Task directions:
The pictures stay out; all of the data is to be printed exactly.

+++ Input data +++

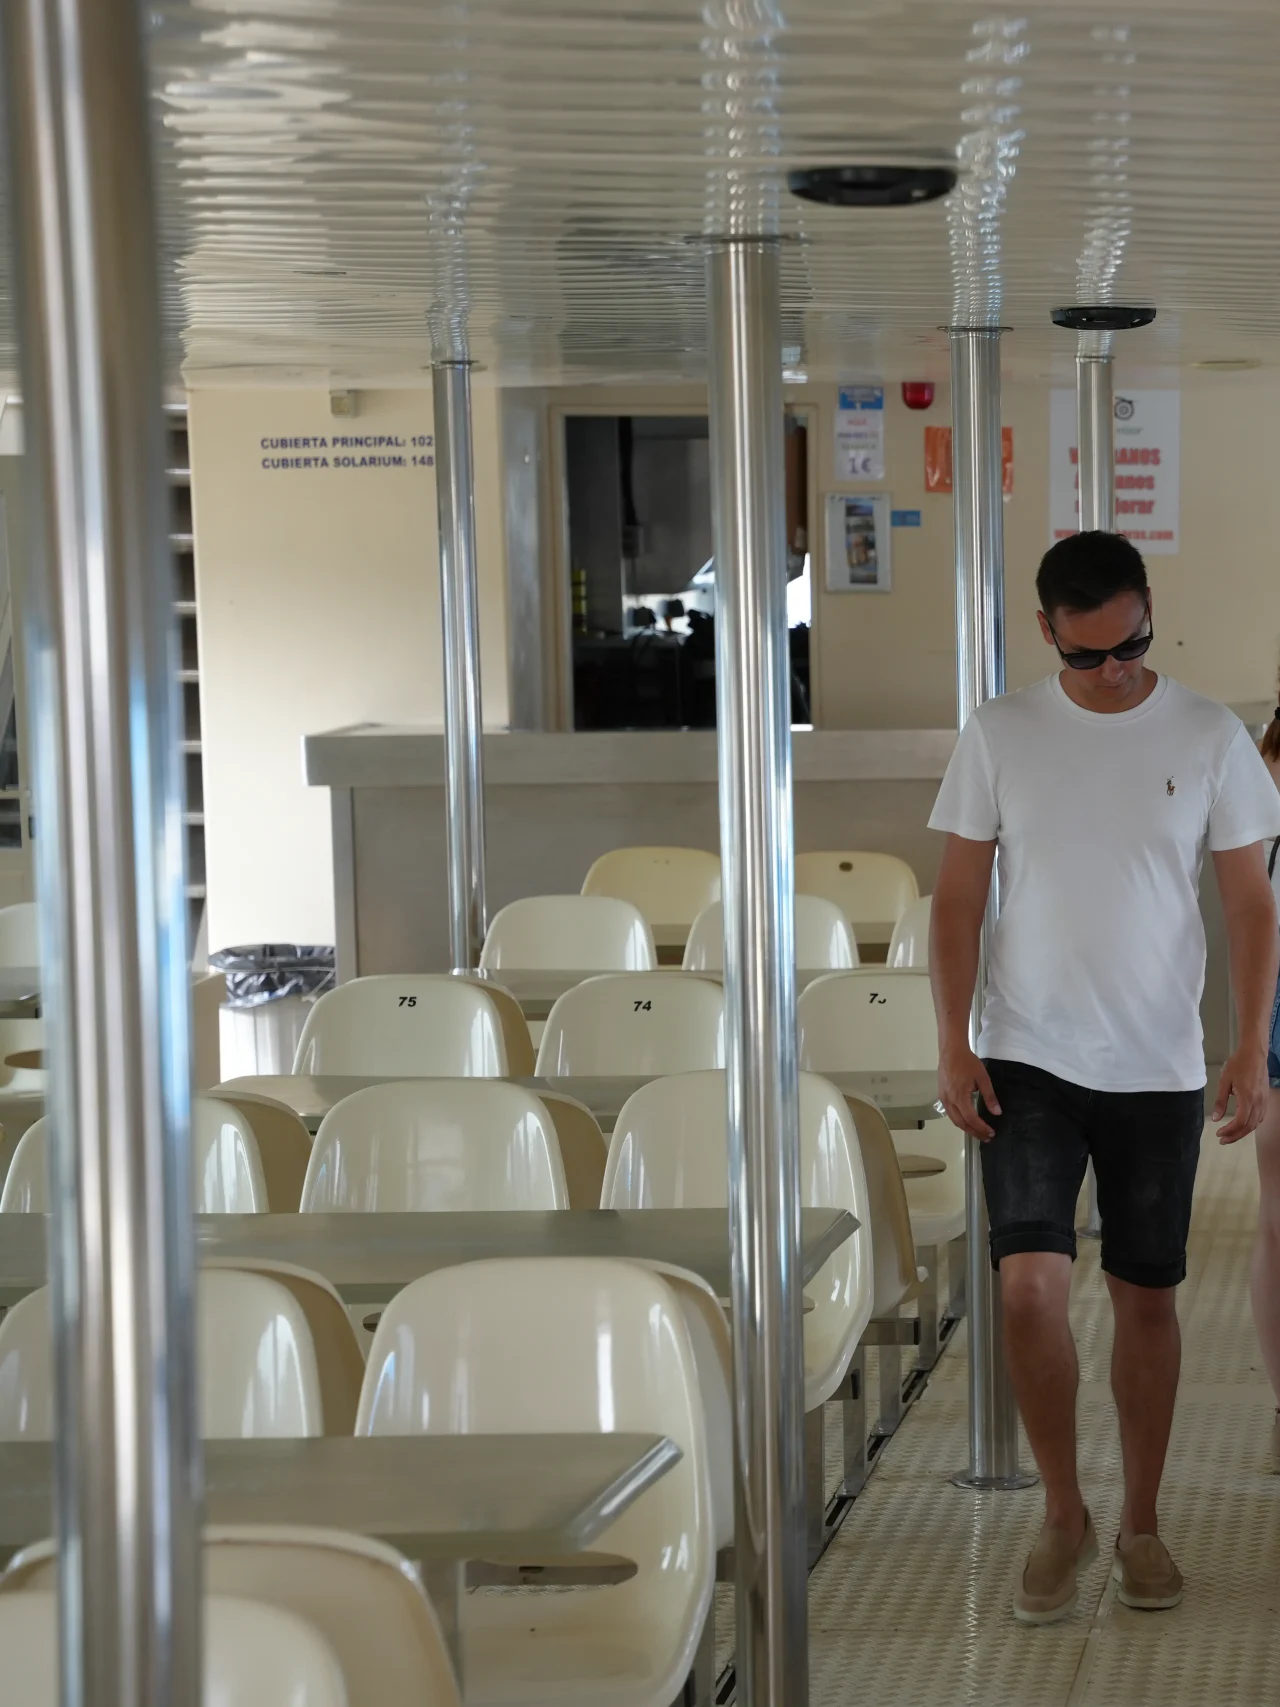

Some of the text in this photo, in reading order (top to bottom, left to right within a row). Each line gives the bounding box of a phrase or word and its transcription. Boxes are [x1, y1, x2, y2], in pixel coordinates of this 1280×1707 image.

[260, 435, 433, 450] CUBIERTA PRINCIPAL: 102
[261, 455, 434, 469] CUBIERTA SOLARIUM: 148
[398, 996, 417, 1008] 75
[633, 1000, 652, 1012] 74

+++

Completed task:
Some of the text in this photo, in reading order (top to bottom, left to right within a row). Each line gives the bounding box of a phrase or word and its transcription. Boxes are [x1, y1, x2, y2], in pixel coordinates of this 1280×1707 image.

[260, 435, 433, 450] CUBIERTA PRINCIPAL: 102
[261, 455, 434, 469] CUBIERTA SOLARIUM: 148
[398, 996, 417, 1008] 75
[633, 1000, 652, 1012] 74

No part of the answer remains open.